Abstract
Purpose :
Leber’s hereditary optic neuropathy (LHON) is a rare mitochondrial disorder resulting in severe, bilateral vision loss. Idebenone is approved in Europe for the treatment of LHON, but controlled data beyond a 6-month treatment duration is lacking. Here, we report results from LEROS, a Phase 4, externally controlled, open-label interventional study (ClinicalTrials.gov NCT02774005), in which visual acuity (VA) outcomes following 24 months of idebenone treatment were compared to an external, matched, natural history (NH) cohort.
Methods :
LEROS included patients with LHON ≥12 years old and with a disease onset ≤5 years prior. Overall, 199 patients were enrolled, 181 of which formed the mITT population (excluded patients without a confirmed primary causative mtDNA mutation). NH data were available from 372 patients. Patients were divided into 2 groups for analysis based on time since onset in the most recent eye: subacute/dynamic (≤1 year) and chronic (>1 year). Outcomes in the idebenone-treated group were compared to retrospective data from the NH cohort, matched based on time since disease onset. Outcome measures (from baseline) were clinically relevant recovery (CRR): improvement from 'off-chart' VA to at least 1.6 logMAR, or a ≥0.2 logMAR improvement if already 'on-chart'; clinically relevant stabilization (CRS): maintenance of VA <1.0 logMAR; and clinically relevant benefit (CRB): reaching a CRR, a CRS, or both.
Results :
The primary endpoint, the proportion of subacute/dynamic eyes with a CRB from baseline following 12 months of treatment, compared to the matched external NH cohort, was successfully met. CRB was observed in 42.3% (60/142) of treated eyes versus 20.7% (40/193) from the NH cohort (p=0.002). At 24 months, this significant difference was maintained, at 52.9% (64/121) versus 36.0% (27/75) (p=0.0297). In treated subacute/dynamic patients, the median best VA at baseline was 1.28 logMAR (n=109) and showed an initial worsening at 6 months to 1.41 logMAR (n=90). A recovery was then observed to 1.30 (n= 81), 1.20 (n=75) and 1.07 (n=70) logMAR at 12, 18 and 24 months, respectively.
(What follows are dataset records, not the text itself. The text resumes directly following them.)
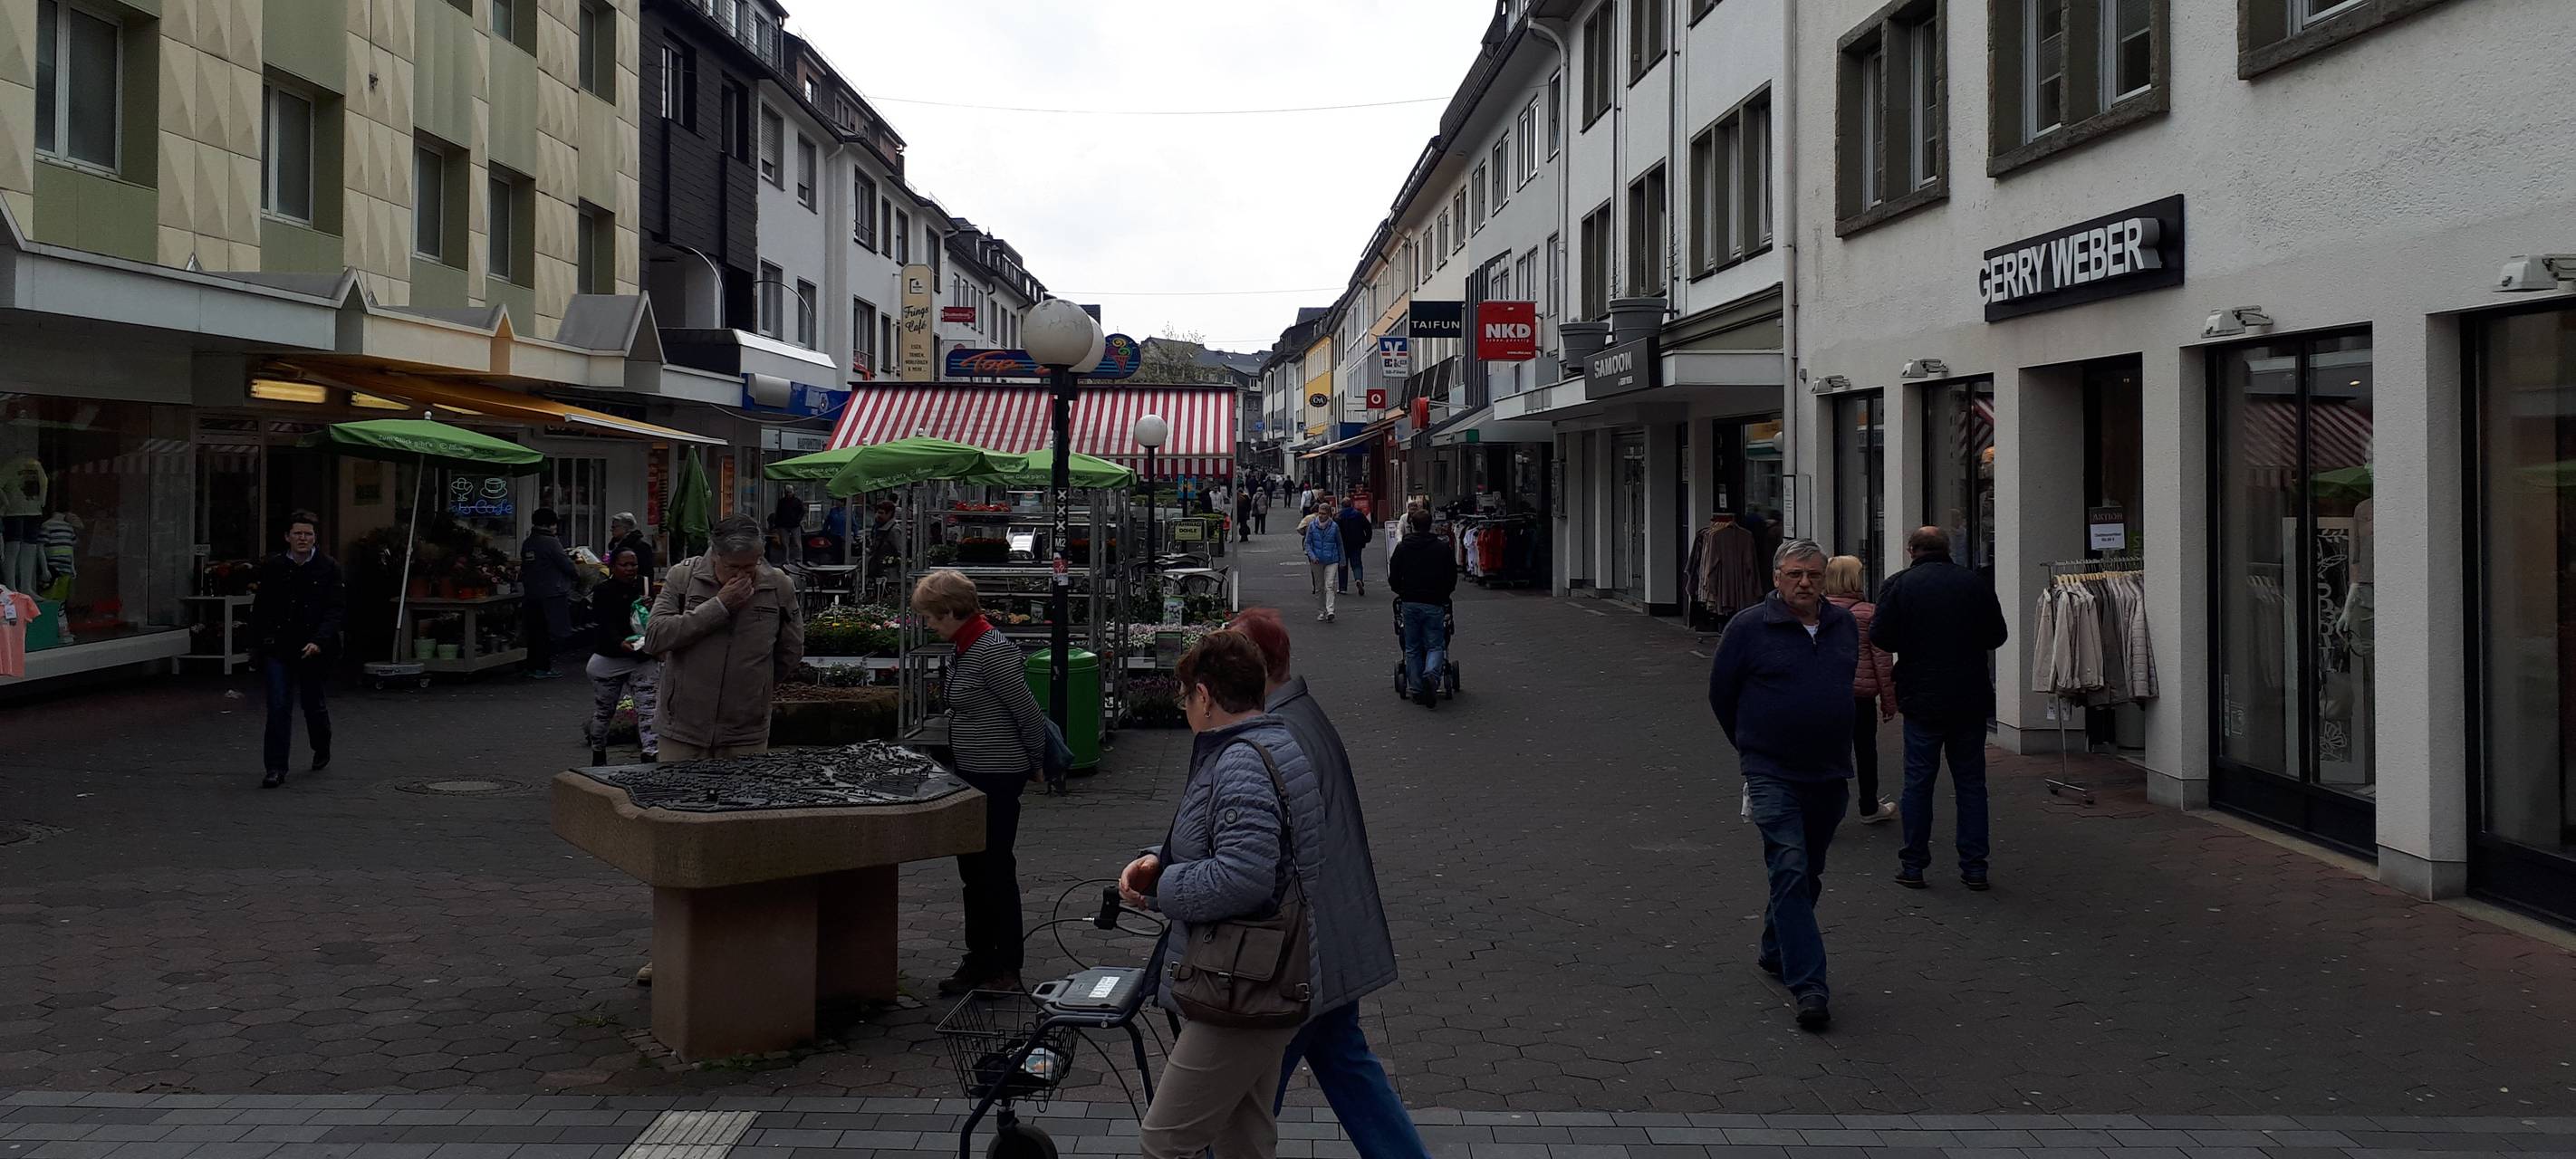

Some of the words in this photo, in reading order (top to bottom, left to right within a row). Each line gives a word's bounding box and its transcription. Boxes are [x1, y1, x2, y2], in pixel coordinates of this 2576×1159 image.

[1978, 243, 2047, 305] GERRY
[2050, 217, 2152, 289] WEBER
[904, 305, 929, 319] Frings
[1411, 320, 1461, 330] TAIFUN
[1485, 322, 1532, 339] NKD
[959, 350, 1025, 372] Top
[1594, 351, 1632, 378] SAMOON
[2093, 512, 2123, 522] AKTION
[1055, 538, 1066, 548] M2
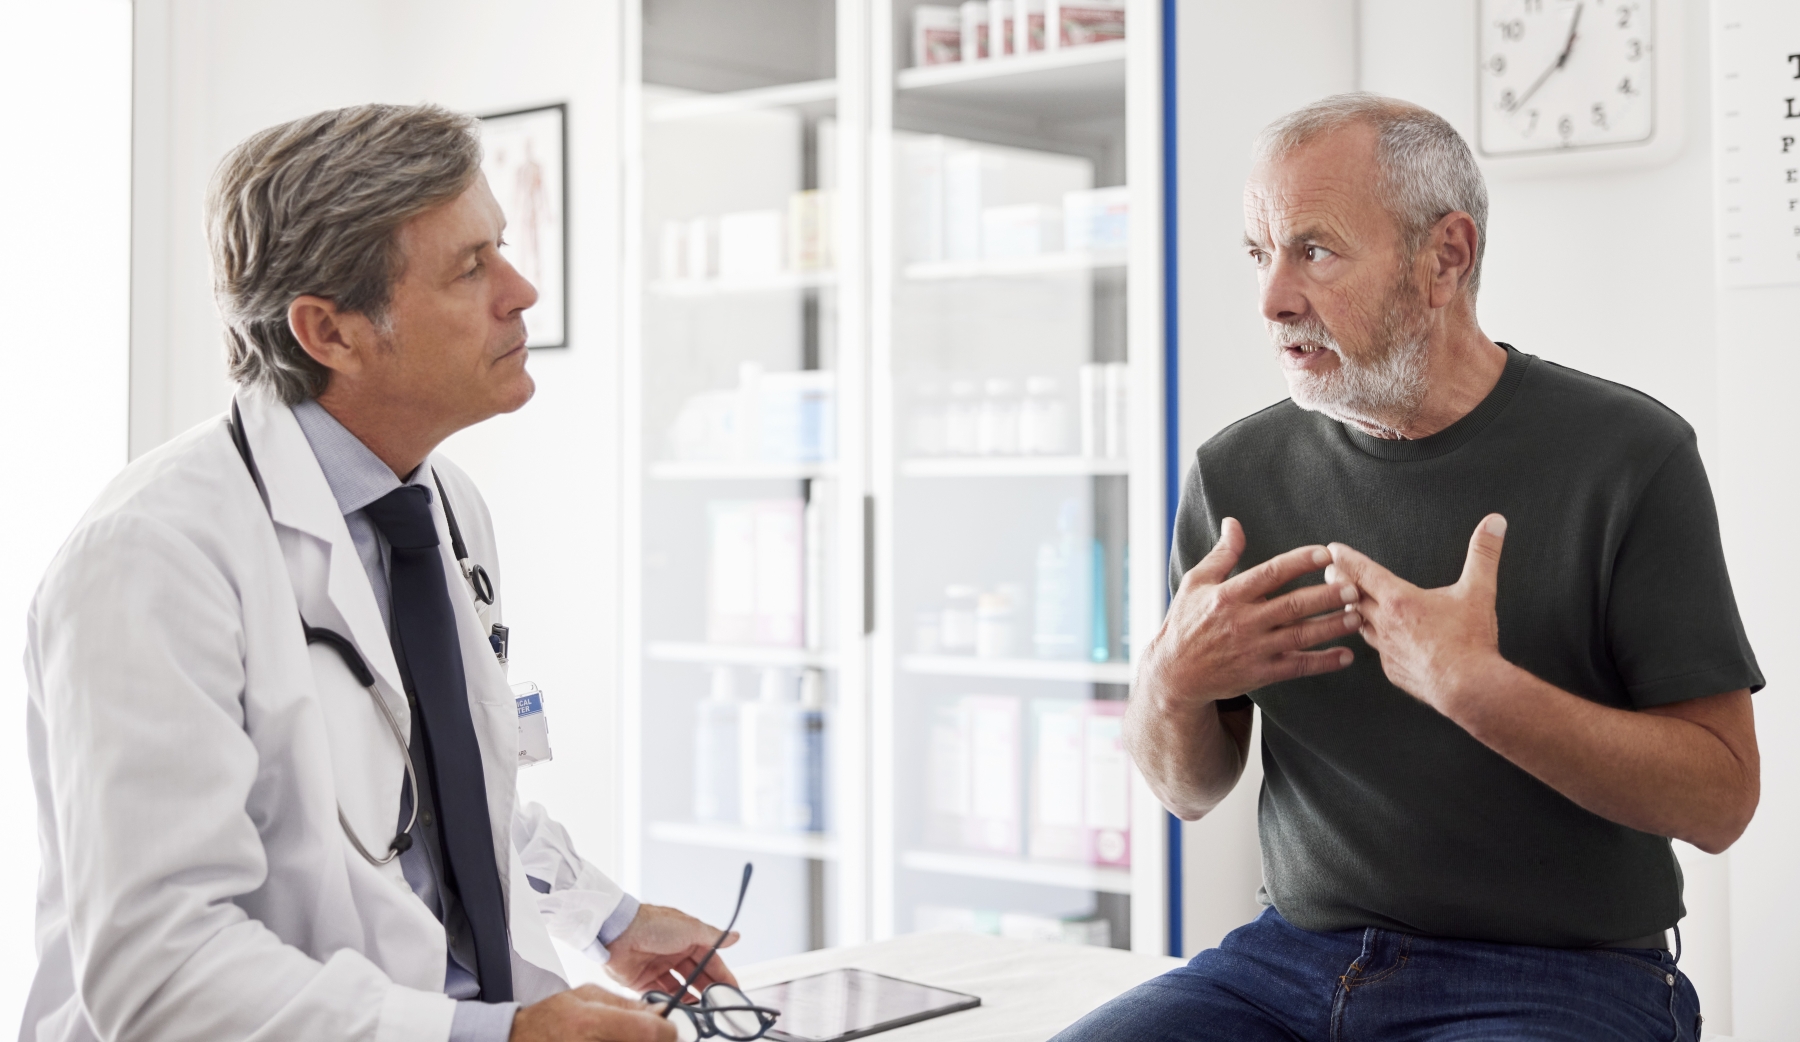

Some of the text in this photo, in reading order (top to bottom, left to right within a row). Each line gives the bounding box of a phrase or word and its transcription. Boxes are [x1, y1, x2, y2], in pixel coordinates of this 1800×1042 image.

No new safety signals were observed for idebenone.
Conclusions :
LEROS corroborates the outcomes of previous studies, demonstrating that long-term treatment with idebenone results in prolonged clinical benefit in patients with LHON in the subacute/dynamic phase.
This abstract was presented at the 2022 ARVO Annual Meeting, held in Denver, CO, May 1-4, 2022, and virtually.